(Stored data entries)
-*-*-

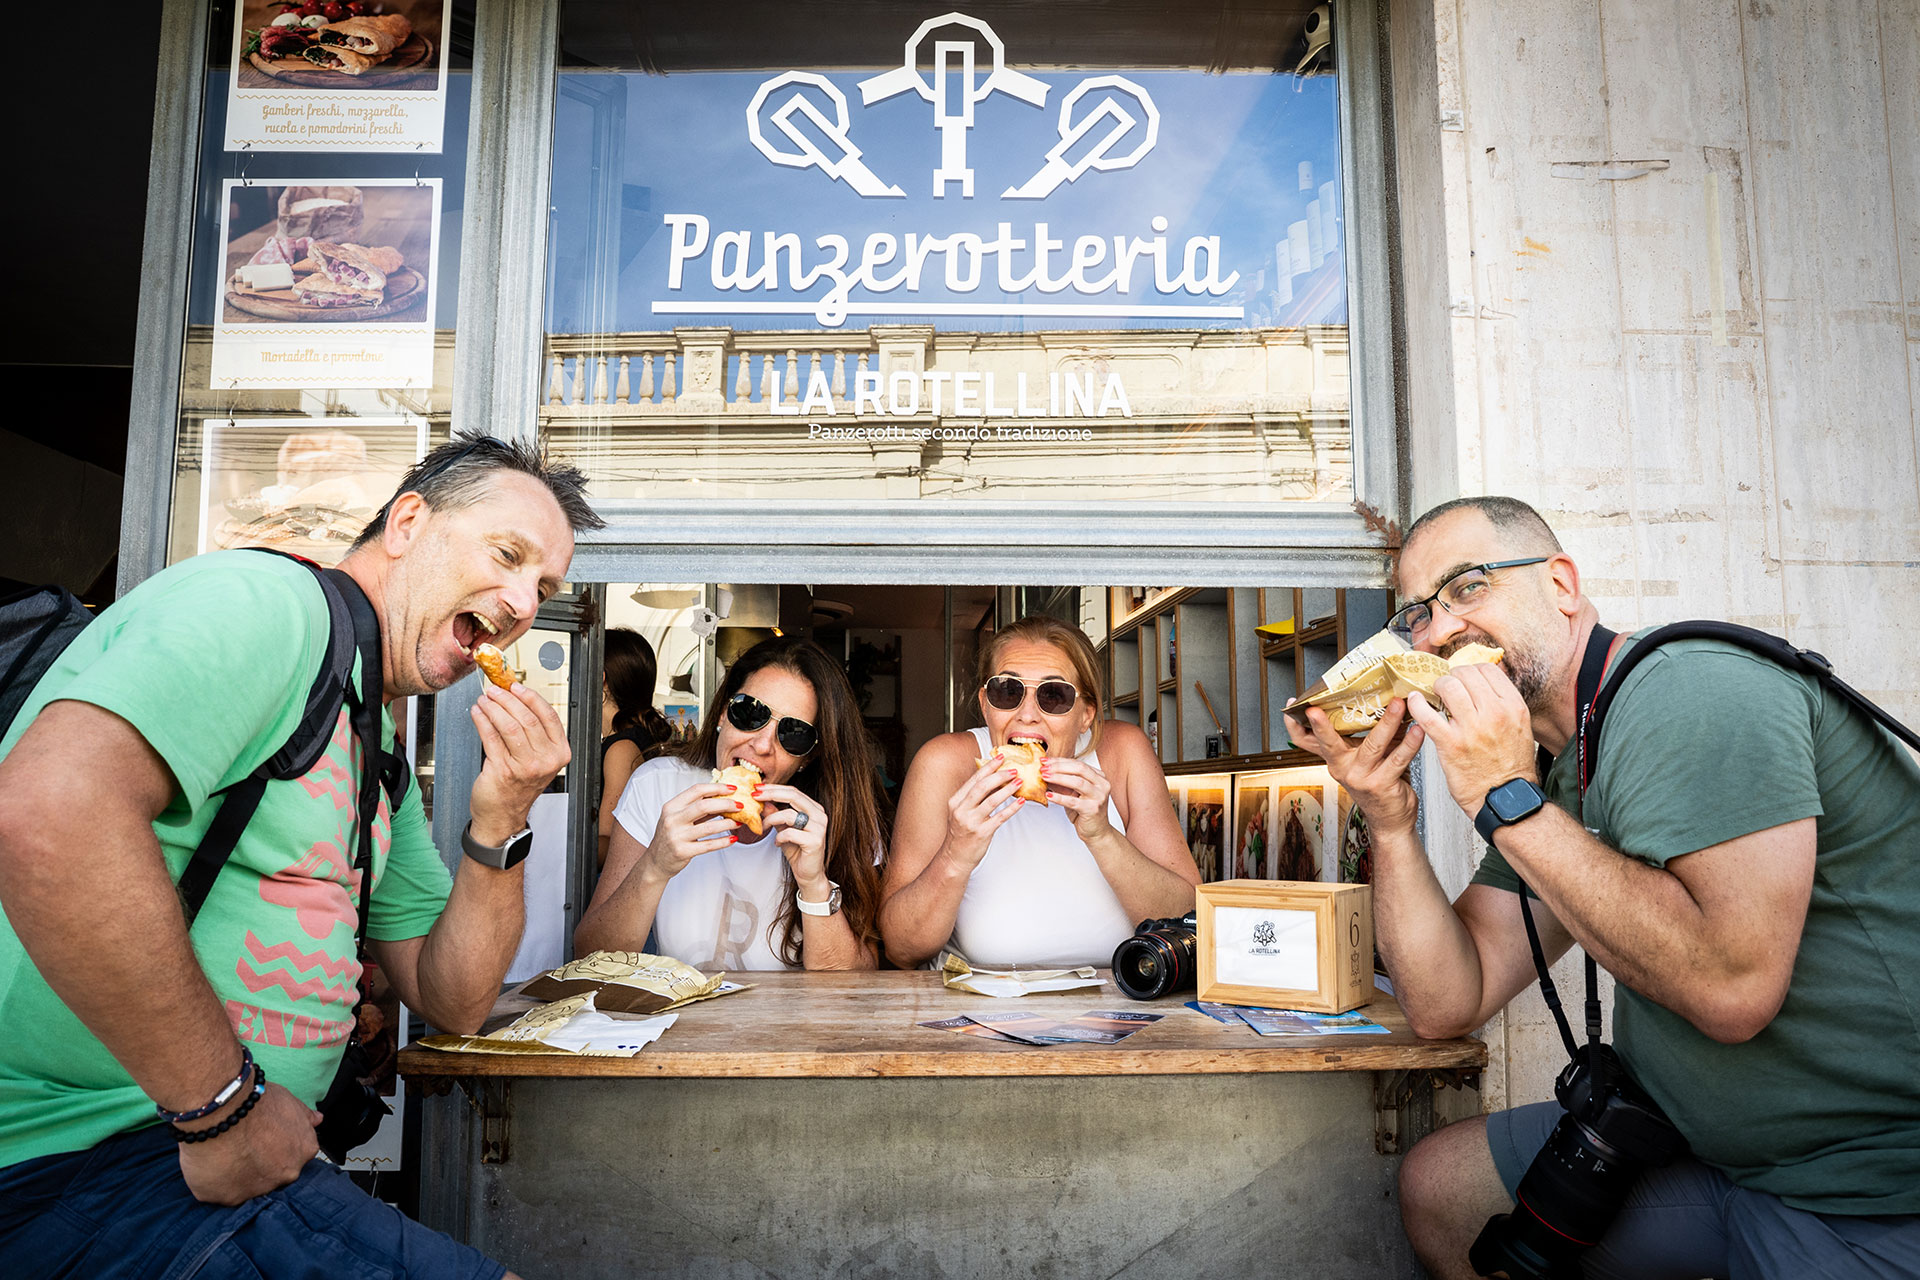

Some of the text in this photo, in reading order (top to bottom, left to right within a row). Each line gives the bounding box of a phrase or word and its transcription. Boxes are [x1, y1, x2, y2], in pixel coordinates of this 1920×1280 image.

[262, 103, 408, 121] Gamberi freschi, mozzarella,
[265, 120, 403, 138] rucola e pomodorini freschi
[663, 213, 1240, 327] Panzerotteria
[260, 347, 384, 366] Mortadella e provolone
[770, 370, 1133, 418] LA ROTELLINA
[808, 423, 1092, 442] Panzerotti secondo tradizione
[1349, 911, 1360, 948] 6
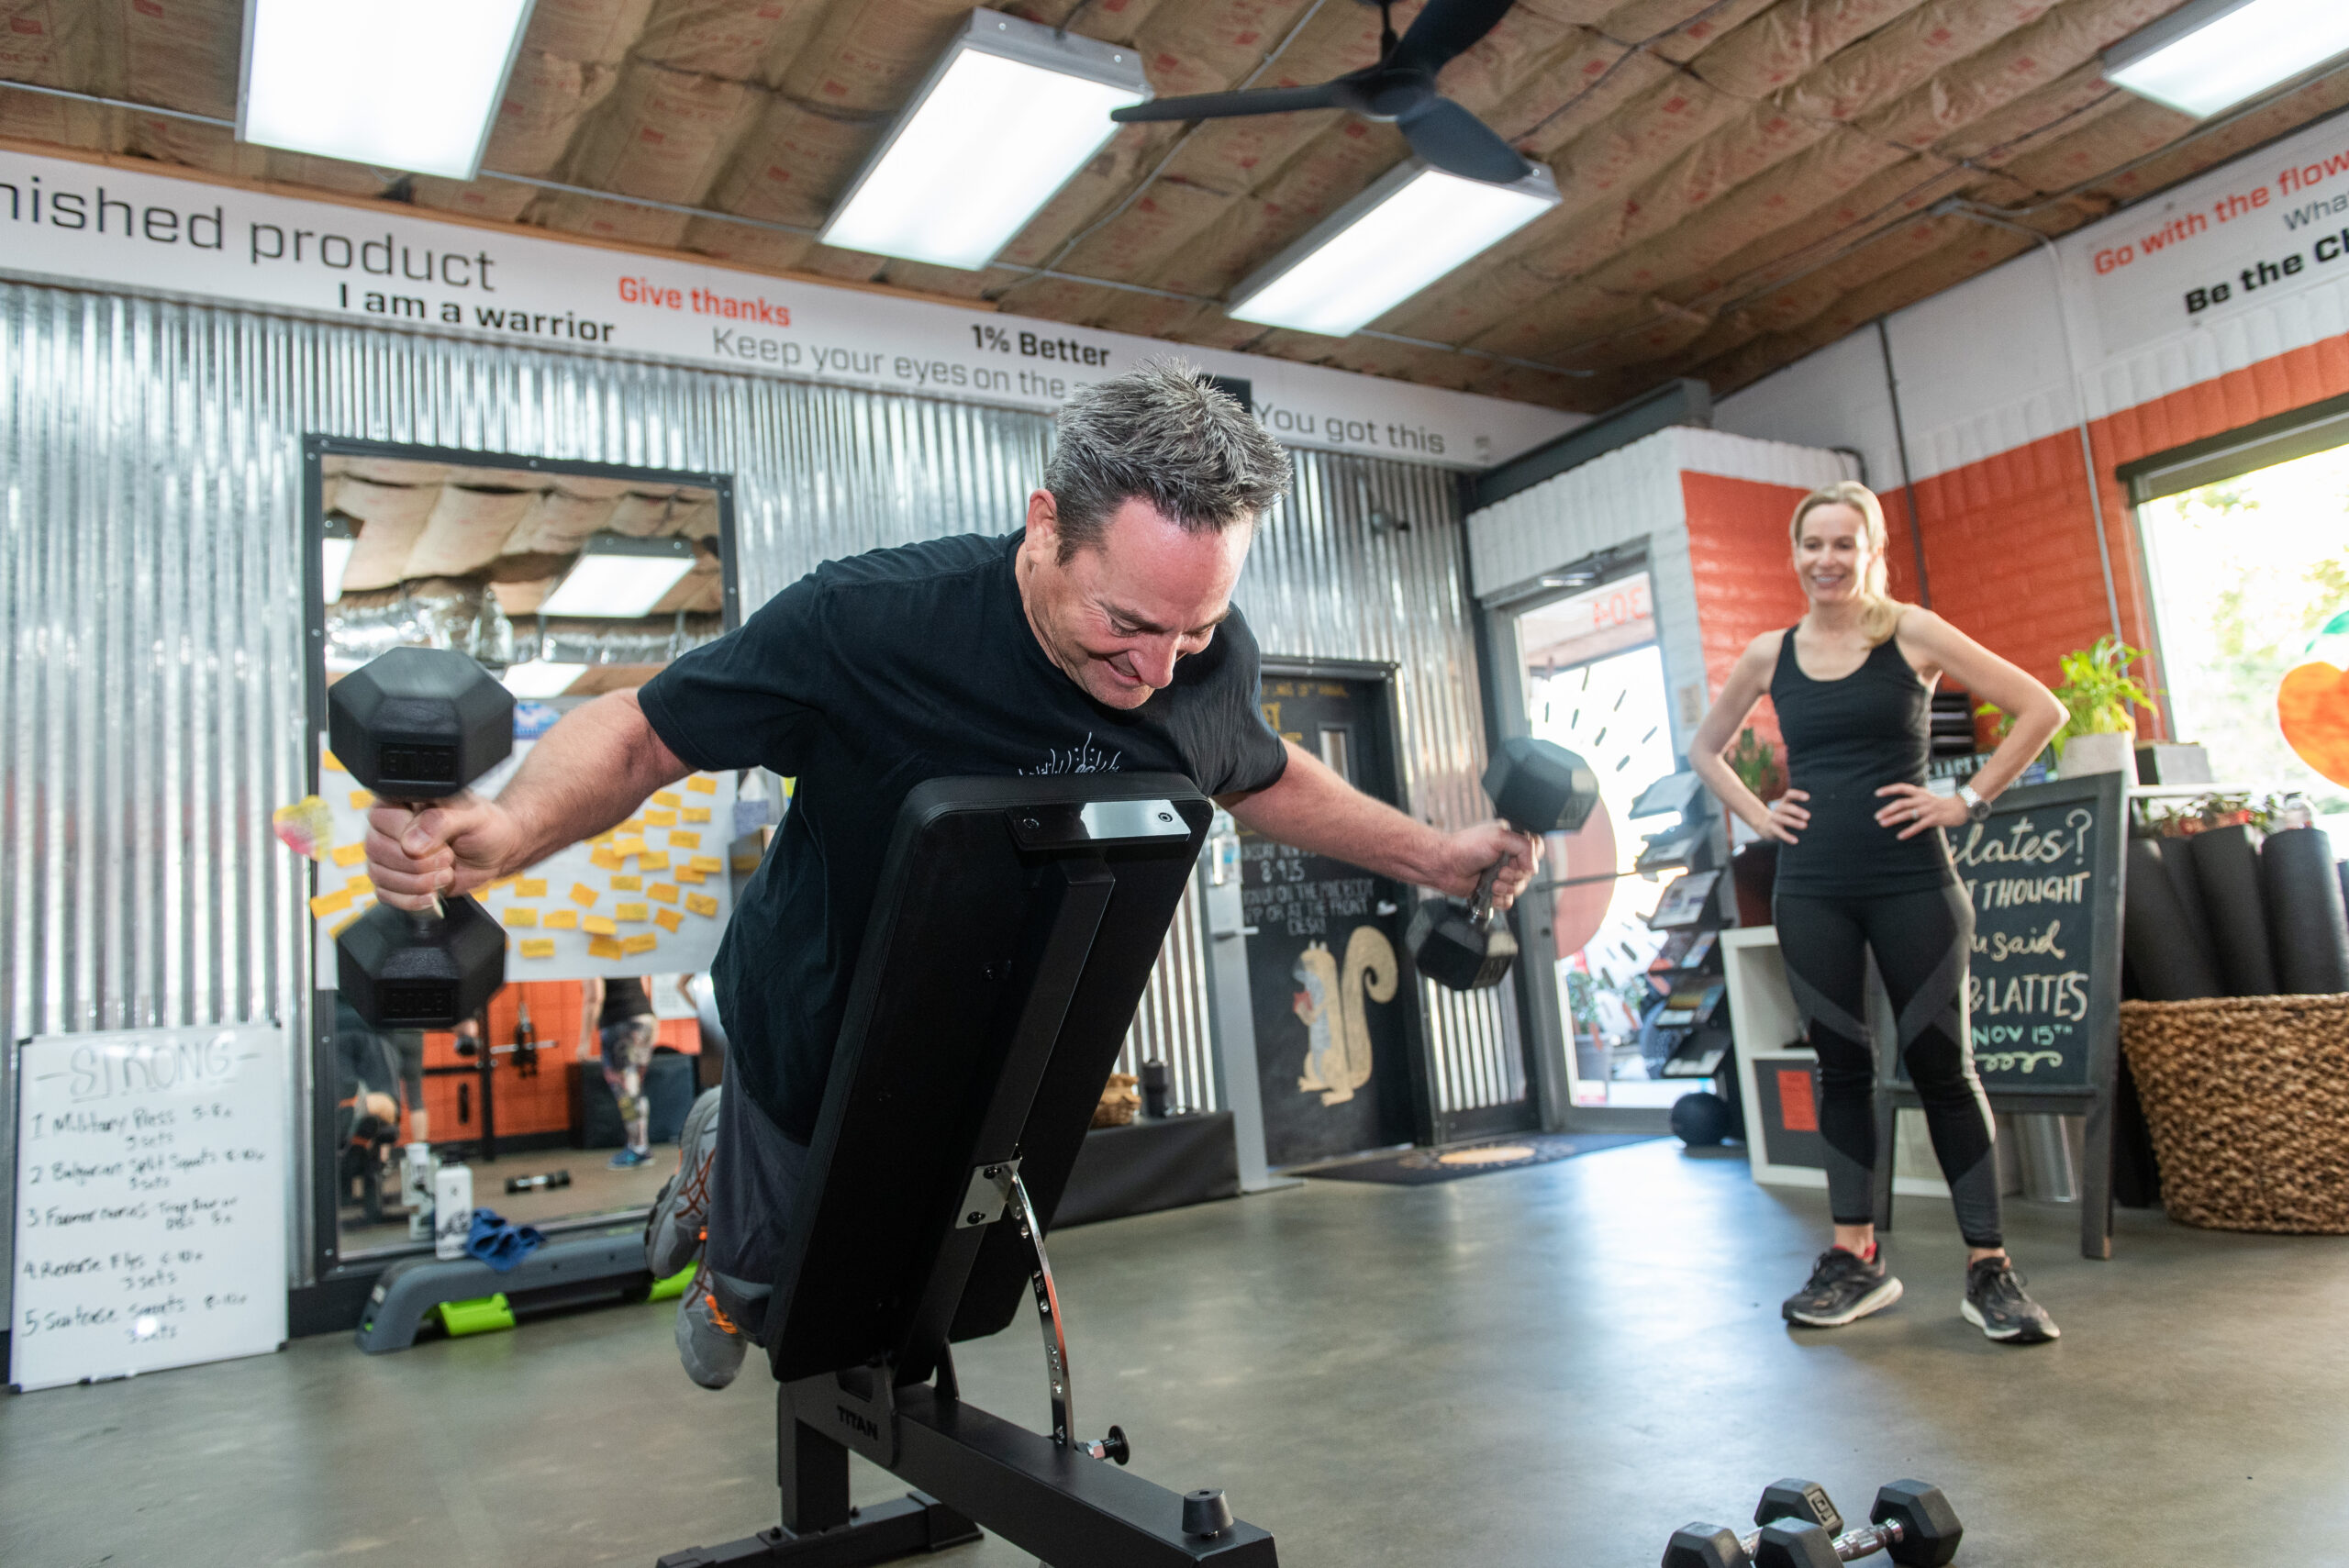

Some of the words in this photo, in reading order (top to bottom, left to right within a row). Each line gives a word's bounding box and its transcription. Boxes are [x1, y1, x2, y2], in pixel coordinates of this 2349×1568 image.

-*-*-

Without copying any picture, repeat all of the entries exactly.

RESPONSE TO THIS TASK:
Some of the text in this photo, in reading order (top to bottom, left to right within a row). Each line gives the bounding box of a phrase or word and its transcription. Boxes are [x1, y1, x2, y2], in pixel coordinates of this 1920×1280 image.

[262, 103, 408, 121] Gamberi freschi, mozzarella,
[265, 120, 403, 138] rucola e pomodorini freschi
[663, 213, 1240, 327] Panzerotteria
[260, 347, 384, 366] Mortadella e provolone
[770, 370, 1133, 418] LA ROTELLINA
[808, 423, 1092, 442] Panzerotti secondo tradizione
[1349, 911, 1360, 948] 6

Some of the words in this photo, in reading order (top to bottom, left to right within a row). Each line gives a word's bounding box and its transcription. Boxes are [x1, y1, x2, y2], in pixel coordinates of this 2349×1568 image.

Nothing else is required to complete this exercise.